# TASK GOAL:
Reproduce the listing below character for character; drop every image.

# DATASET ENTRIES:
☆ ☆ ☆ ☆ ☆ ☆ ☆

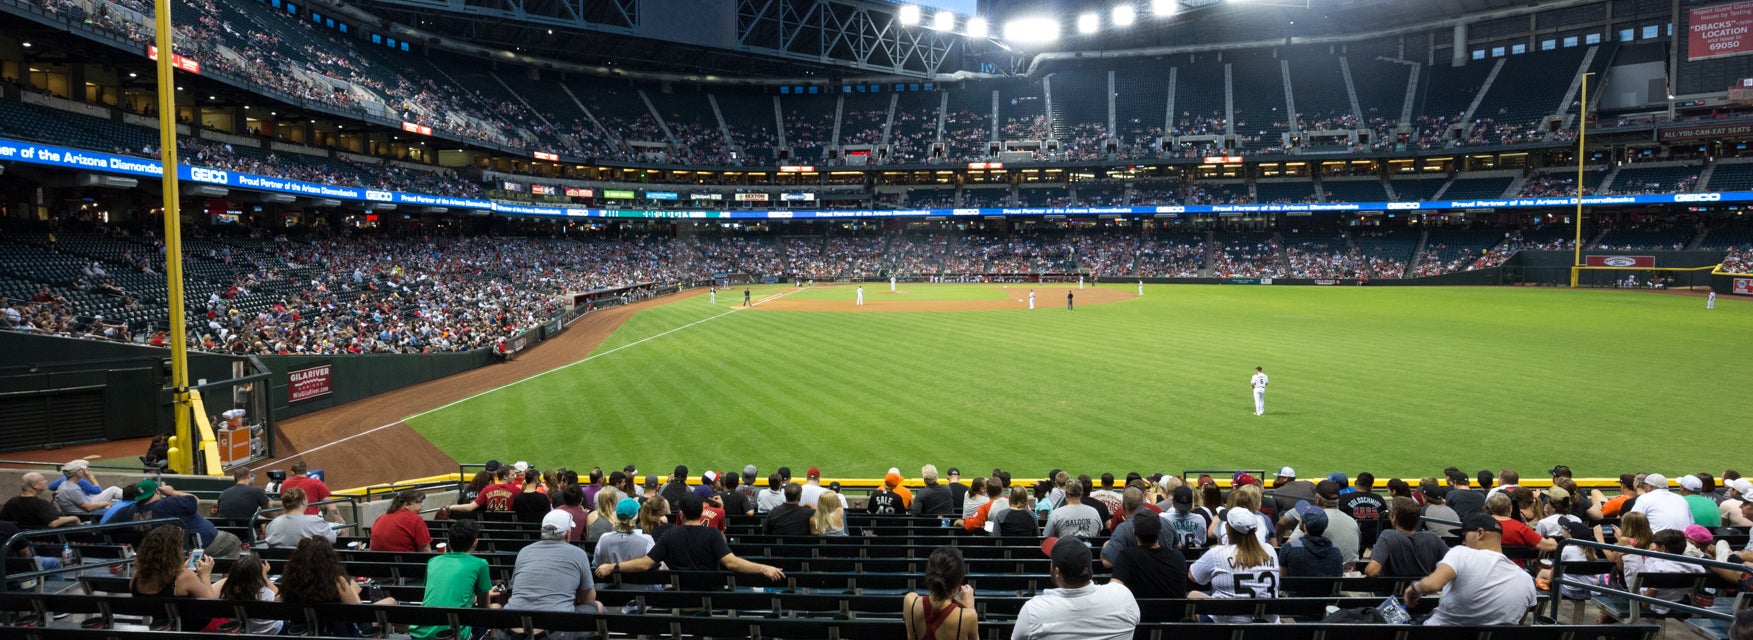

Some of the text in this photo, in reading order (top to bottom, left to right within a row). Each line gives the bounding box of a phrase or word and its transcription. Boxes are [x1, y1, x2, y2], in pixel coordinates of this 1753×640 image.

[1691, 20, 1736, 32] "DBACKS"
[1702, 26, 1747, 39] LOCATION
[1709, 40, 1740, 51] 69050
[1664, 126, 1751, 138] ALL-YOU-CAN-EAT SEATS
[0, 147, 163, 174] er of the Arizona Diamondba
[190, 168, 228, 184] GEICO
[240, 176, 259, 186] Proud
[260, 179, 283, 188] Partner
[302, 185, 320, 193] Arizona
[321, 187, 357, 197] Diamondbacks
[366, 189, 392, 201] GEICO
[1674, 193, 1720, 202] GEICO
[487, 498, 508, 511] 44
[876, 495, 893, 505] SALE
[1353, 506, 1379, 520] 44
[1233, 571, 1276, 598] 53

☆ ☆ ☆ ☆ ☆ ☆ ☆

# FINISHED TASK:
Some of the text in this photo, in reading order (top to bottom, left to right within a row). Each line gives the bounding box of a phrase or word and its transcription. Boxes are [x1, y1, x2, y2], in pixel coordinates of this 1753×640 image.

[1691, 20, 1736, 32] "DBACKS"
[1702, 26, 1747, 39] LOCATION
[1709, 40, 1740, 51] 69050
[1664, 126, 1751, 138] ALL-YOU-CAN-EAT SEATS
[0, 147, 163, 174] er of the Arizona Diamondba
[190, 168, 228, 184] GEICO
[240, 176, 259, 186] Proud
[260, 179, 283, 188] Partner
[302, 185, 320, 193] Arizona
[321, 187, 357, 197] Diamondbacks
[366, 189, 392, 201] GEICO
[1674, 193, 1720, 202] GEICO
[487, 498, 508, 511] 44
[876, 495, 893, 505] SALE
[1353, 506, 1379, 520] 44
[1233, 571, 1276, 598] 53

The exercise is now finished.